Step One Is Simple: Just Ask the Climate Question
Though individuals and cities alike often find the prospects of coping with climate change daunting, CCAP encourages its partners to keep it simple. “We tell them to ‘Ask the Climate Question,’ says Foster, whose organization has developed a booklet entitled Ask the Climate Question: Adapting to Climate Change Impacts in Urban Regions. That means, Foster explains, that whether you’re a mayor, city manager, business owner or an ordinary citizen – you need to consider how your behavior can help the community in adapting to, preparing for, or reducing the dangerous effects of climate change.
“Elected leaders, for example, need to ask, ‘Do you want people living in the flood plain and pay the big expenses when they get flooded out?” Foster says.
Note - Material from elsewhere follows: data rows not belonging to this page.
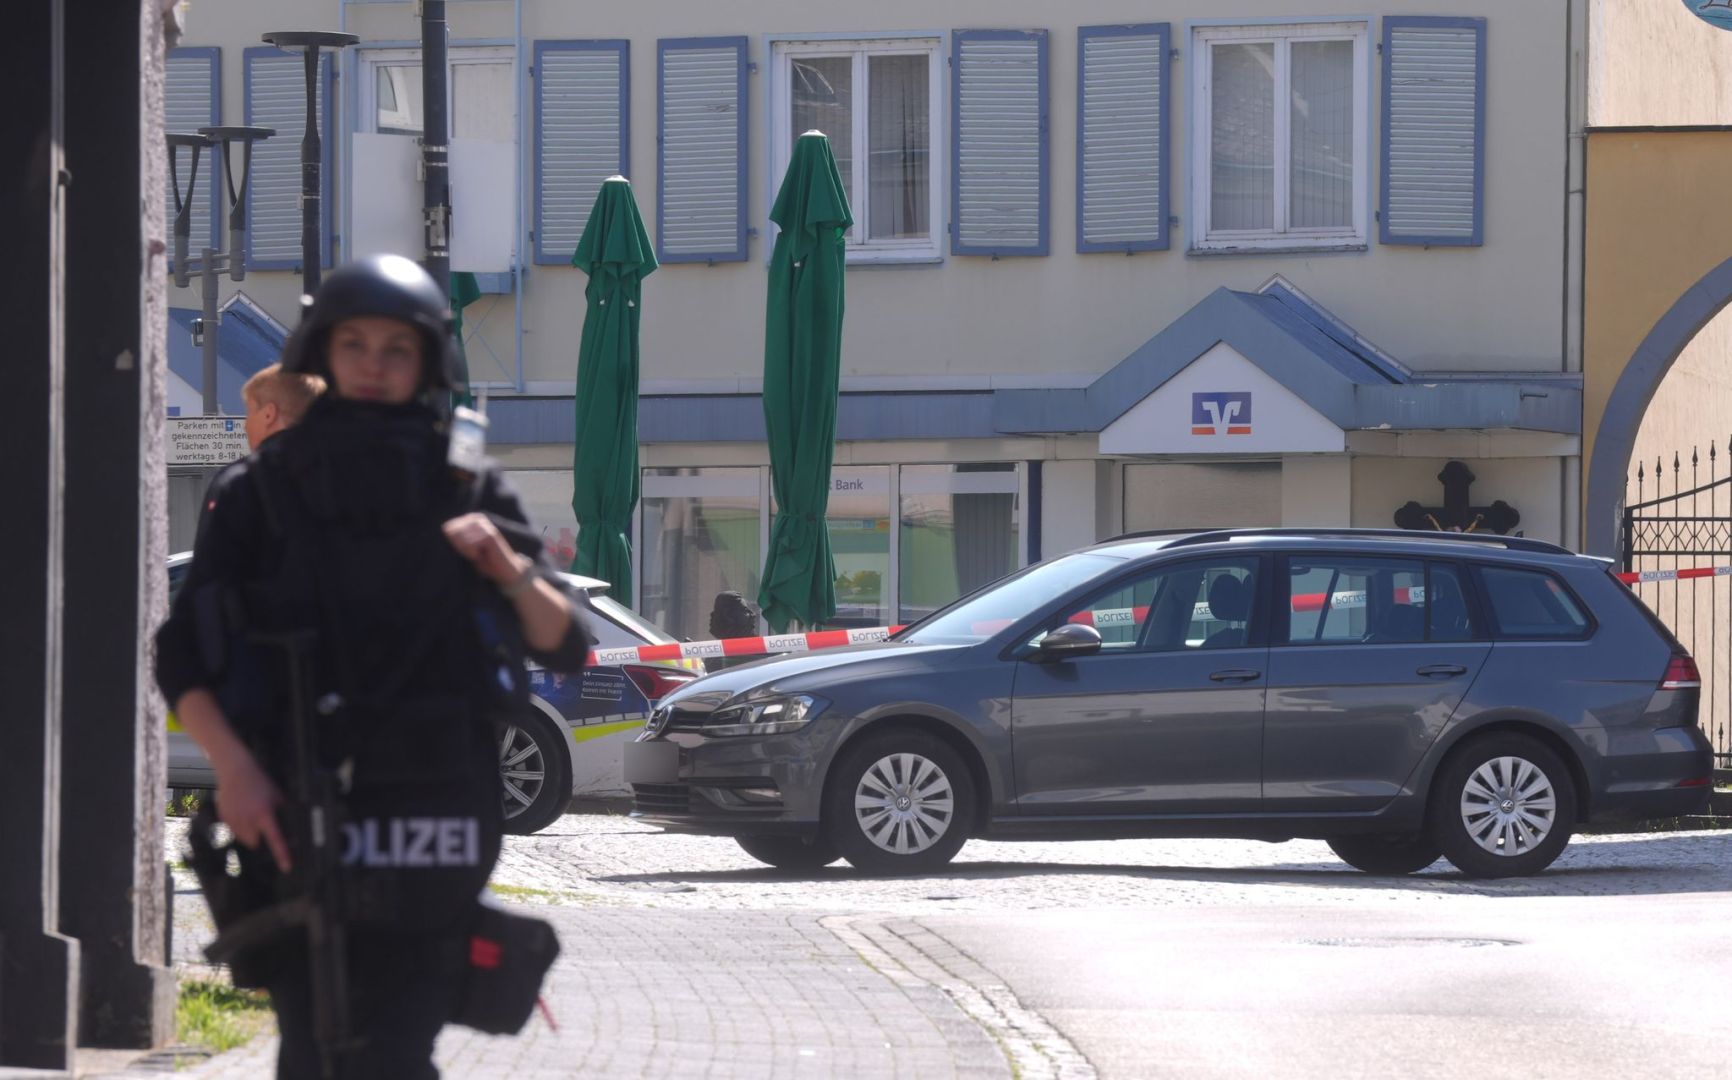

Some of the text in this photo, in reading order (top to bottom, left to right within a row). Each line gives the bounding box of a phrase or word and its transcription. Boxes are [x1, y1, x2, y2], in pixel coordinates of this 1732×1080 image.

[177, 421, 208, 430] Parken
[211, 421, 224, 429] mit
[171, 432, 248, 442] gekennzeichneten
[176, 442, 209, 450] Flächen
[212, 441, 223, 450] 30
[175, 452, 215, 461] werktags
[218, 452, 236, 460] 8-18
[835, 478, 864, 490] Bank
[342, 816, 480, 867] OLIZEI
If not, then cities need to create policies that prepare them to deal with the impacts climate change will induce--for example, modifying zoning laws to discourage developers from building in areas vulnerable to flooding or setting aside money to deal with future costs of flood disasters.
Adaption Doesn’t Cost a Lot – It Might Even Save Money
Communities may gain far more than they lose by taking measures to adapt to climate change. Preventing development of flood plains, for example, could mean “local insurance rates may go down, property values may go up, and there may be more tax revenue for the local governments and savings for homeowners because they don’t need to pay the costs of flooding,” Foster explains.
As Ron Sims, Deputy Secretary for the U.S. Department of Housing and Urban Development (and charter Urban Leaders member) is quoted as saying in CCAP’s Ask the Climate Question report, “Dealing with climate change is a question of economic competitiveness and of equity—to ensure a high quality of life for all, across the world as well as our future generations.”
CCAP believes that to be a competitive city, you can’t afford not to prepare for the wildfires, flooding, droughts, and other extreme weather and environmental challenges climate change will bring. “Everyone will have to deal with the inevitable impacts of climate change,” Foster says, “so you may as well start thinking about it now.”